Scottsdale students discuss building peace at leadership conference

Peace and reducing conflict were on the minds of 45 high school students at the annual Student Leadership Conference at Scottsdale Community College organized by Scottsdale Sister Cities.

This year’s conference was focused on “Peace Building Through Youth Ambassadors.”

From left, Caroline Castle, student at Desert Mountain High School; Dr. Christopher Zambakari, Rotary Peace Fellow; and Eve Rennie, student at Saguaro High School. The students welcomed and introduced Dr. Zambakari to the other students. (submitted photo)

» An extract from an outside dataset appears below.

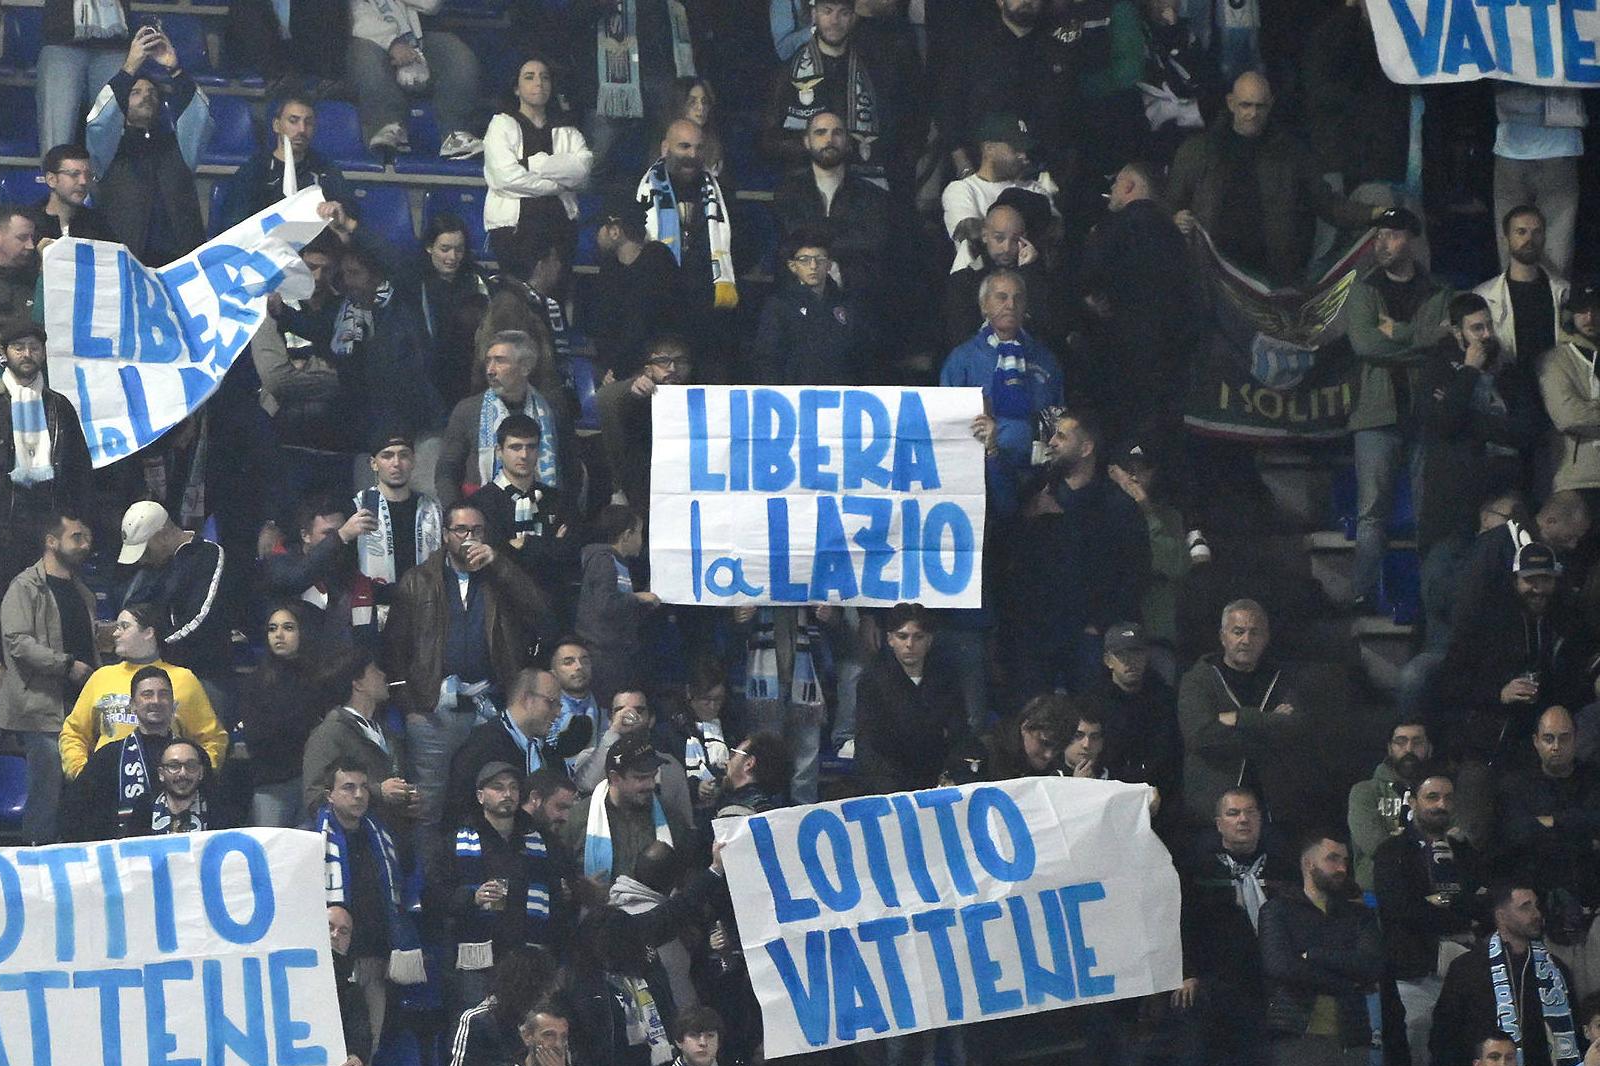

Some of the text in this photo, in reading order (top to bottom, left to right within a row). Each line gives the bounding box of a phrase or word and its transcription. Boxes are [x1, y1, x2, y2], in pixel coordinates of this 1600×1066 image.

Students from seven Scottsdale area high schools attended.  The students are officers and members of the international clubs at their schools.  Many of the students either have served or will be serving as Youth Ambassadors for their schools and community in Alamos, Mexico; Marrakech, Morocco; Uasin Gishu, Kenya; or Interlaken, Switzerland.

The conference highlight was a discussion on “Building Peace, Piece by Piece” by Rotary Peace Fellow Chrisopher Zambakari.  Dr. Zambakari shared with the students the steps necessary for building peaceful solutions between people who are enemies, antagonist, or of different political persuasions.

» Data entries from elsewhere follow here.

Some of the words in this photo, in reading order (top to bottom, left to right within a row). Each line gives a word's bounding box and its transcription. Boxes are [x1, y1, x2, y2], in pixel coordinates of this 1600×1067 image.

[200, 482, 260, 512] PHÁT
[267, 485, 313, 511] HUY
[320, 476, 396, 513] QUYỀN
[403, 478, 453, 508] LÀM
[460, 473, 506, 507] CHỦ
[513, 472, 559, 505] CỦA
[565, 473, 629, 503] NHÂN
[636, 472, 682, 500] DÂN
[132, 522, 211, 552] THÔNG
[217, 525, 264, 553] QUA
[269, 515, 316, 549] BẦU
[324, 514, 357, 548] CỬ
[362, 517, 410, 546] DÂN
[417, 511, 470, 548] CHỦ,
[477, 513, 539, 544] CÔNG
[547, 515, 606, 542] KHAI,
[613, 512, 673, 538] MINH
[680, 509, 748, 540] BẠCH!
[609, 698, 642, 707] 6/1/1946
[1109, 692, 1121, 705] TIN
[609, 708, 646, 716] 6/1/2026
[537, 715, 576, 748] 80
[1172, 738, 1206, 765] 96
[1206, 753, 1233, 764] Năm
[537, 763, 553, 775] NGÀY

To get their attention and emphasize the importance of peace building, he described the financial and human costs of wars since 9-11.

As a youth, Dr. Zambakari was a displaced person during the civil war in the Sudan.  As a young adult he was selected for training as a Rotary Peace Fellow.  After attaining his master’s degree with a specialization in conflict resolution at the University of Queensland in Australia, his applied field experience was in the Middle East and North Africa.

Rotary Peace Fellows are nominated by a Rotary Club and if selected, study in one of six global universities.  Rotarians are not eligible to participate.

Students who had previously served as youth ambassadors for Scottsdale also shared their experiences in India, Morocco, Mexico and at the Sister Cities Youth Summit in Colorado.  Those who went to foreign countries lived in the homes of local students and their families, having an opportunity to really get to know young people in these differing cultures.  They spent from seven to 14 days there and attended or visited local schools.

This was the 10th annual student leadership conference sponsored by Scottsdale Sister Cities.  Attendees are now prepared to serve as leaders of their international clubs during the coming year.  Some 350 Scottsdale area students have completed the conference since 2009.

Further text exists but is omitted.